The Taliban forces that tried to take over the country met little resistance from the government forces in Afghanistan. After a number of major Afghan cities fell within a week and Taliban took control of the capital city of Kabul on Sunday, President Ashraf Ghani resigned and fled the country.
As the United States struggled to evacuate staff members and other US personnel from its embassy in Kabul, thousands of Afghans swamped the city's airport in a desperate attempt to flee the country on Monday. Video footage circulated on social media showed hundreds of people surrounding a US military aircraft that was preparing to take off on the tarmac. A number of people could be seen clinging to the moving plane and falling down after it was in the air.
Many of the Afghans who risked their lives trying to flee the country shared the same fears as G., who felt he was in grave danger because of possible retribution from the Taliban forces for his work for the United States.
"Can you help me please. I worked for the USA for more than 10 years. What [do] I need to do now? I need to go to America or some other countries. My shop is right there [he points out of the window in the video chat]. But I’m afraid to go out.
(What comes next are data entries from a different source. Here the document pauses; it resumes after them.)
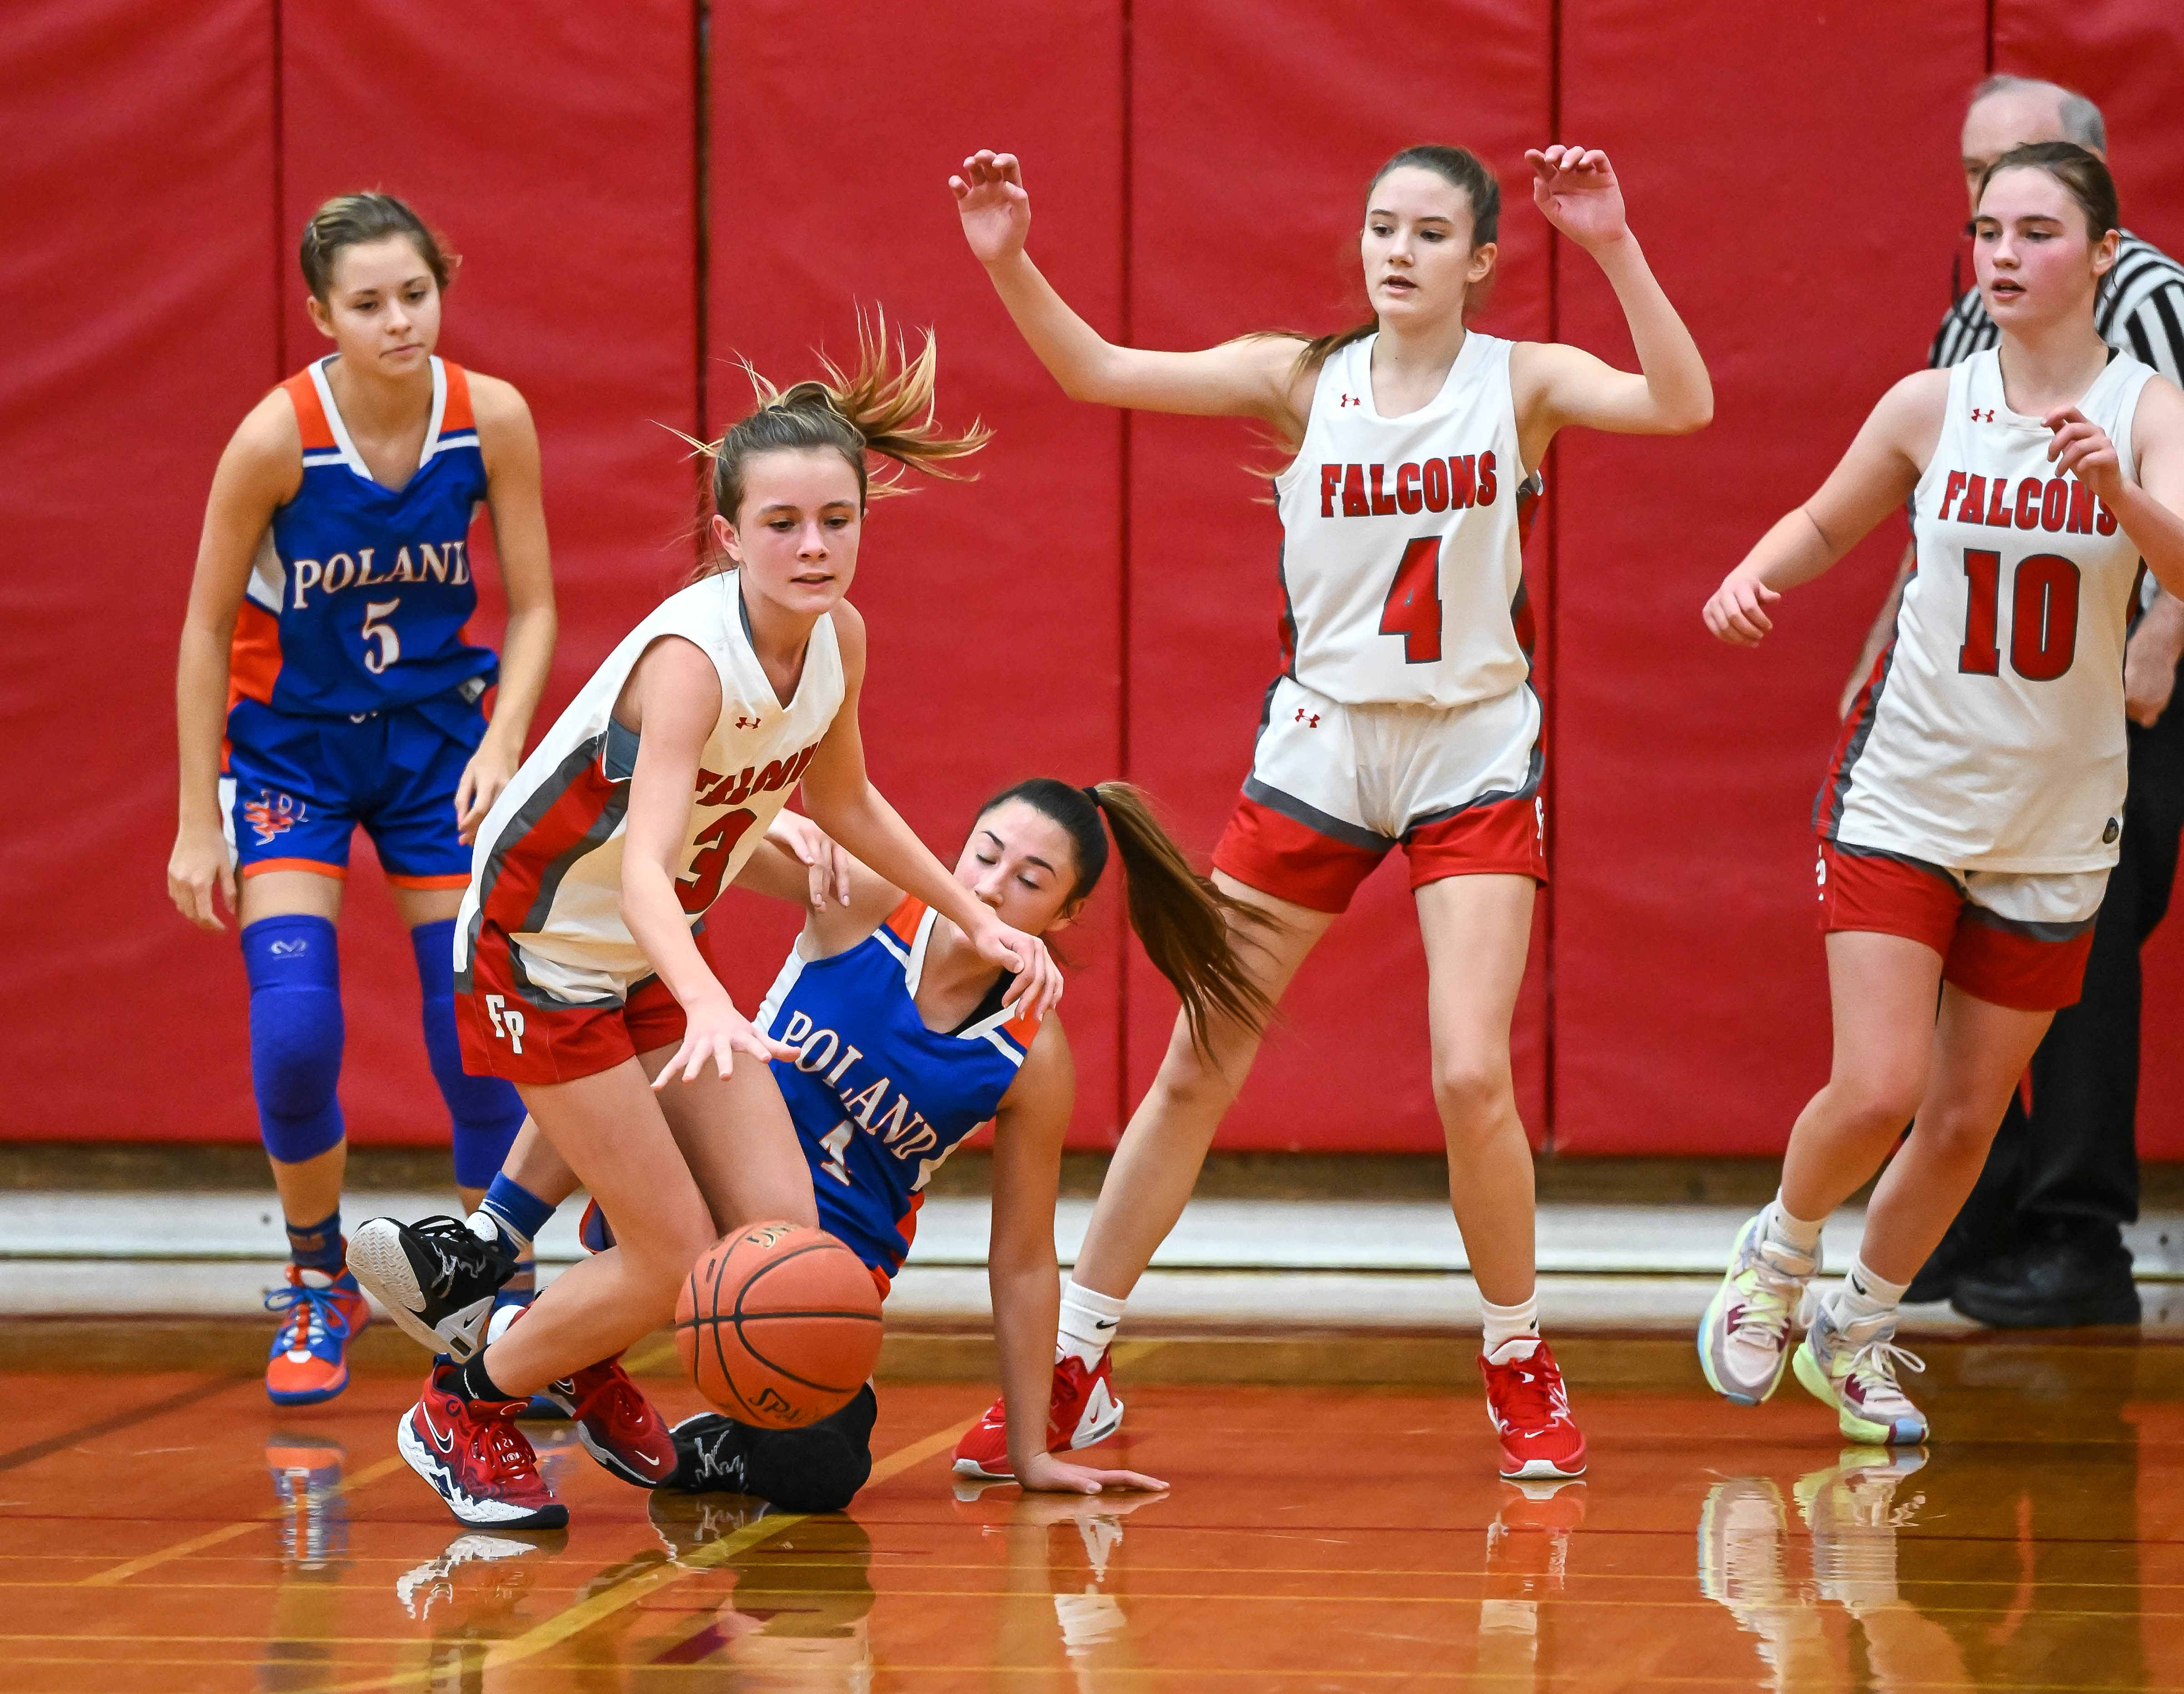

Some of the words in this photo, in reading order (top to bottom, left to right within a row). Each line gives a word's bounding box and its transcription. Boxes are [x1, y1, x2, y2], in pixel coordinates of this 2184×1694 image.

[1321, 450, 1497, 518] FALCONS
[362, 597, 400, 674] 5
[1379, 535, 1442, 664] 4
[1958, 548, 2081, 682] 10
[674, 808, 758, 915] 3
[485, 993, 525, 1054] FP
[780, 1009, 937, 1160] POLAND
I can’t even open my shop now, because I think they [the Taliban] will come for me," G. said.
G. expressed concern that even if the Taliban would not go after him right away, they could seek retribution for his work for the US forces.
"Maybe somebody will come to me and ask: ’Why you worked for Americans before? Why you did this? Why you did that?’ Maybe they will not tell me today, or not even after one month or five months. But after that, they can still come to me and say:’ You know, I know what you did [for the Americans],’" he said.
G. said he tried to apply for a visa to move to the United States. But the Afghan government told him that he could only receive a passport after two months.
"They said they can only give me a passport in two months. But you see, the trouble is here right now. I can’t wait for two months. Believe me, one day is too hard. One hour is already too hard in Afghanistan. I don’t know what I need to do," he said.


To facilitate the evacuation of Afghans like G. who offered assistance to the US forces, the US State Department authorised 4,000 additional Special Immigrant Visas for Afghans citizens in December last year. The first group of Afghans under the Operation Allies Refuge arrived in the United States on 30 July.
But the sheer number of Afghans who want to seek refuge in the United States made it impossible for everyone to quality for the special immigrant visa.
After working for the US-led coalition forces in Afghanistan for more than three years, T., a 28-year-old Afghan national, filed an application for the special immigrant visa in April. But four months have passed and he still has not received any update about his visa application status.
"The situation is really dangerous for people like us who worked for the coalition forces. I don’t know what shall I do. I applied for a special immigrant visa in April, but they haven’t said anything. So I’m still waiting," T. told Sputnik.
T. worked as a reporter for two years before joining the coalition forces as an interpreter in Kabul. But when the coalition forces he worked with withdrew from Afghanistan, T. had to go back to his hometown in Mazar-i-Sharif, located about 265 miles north of Kabul.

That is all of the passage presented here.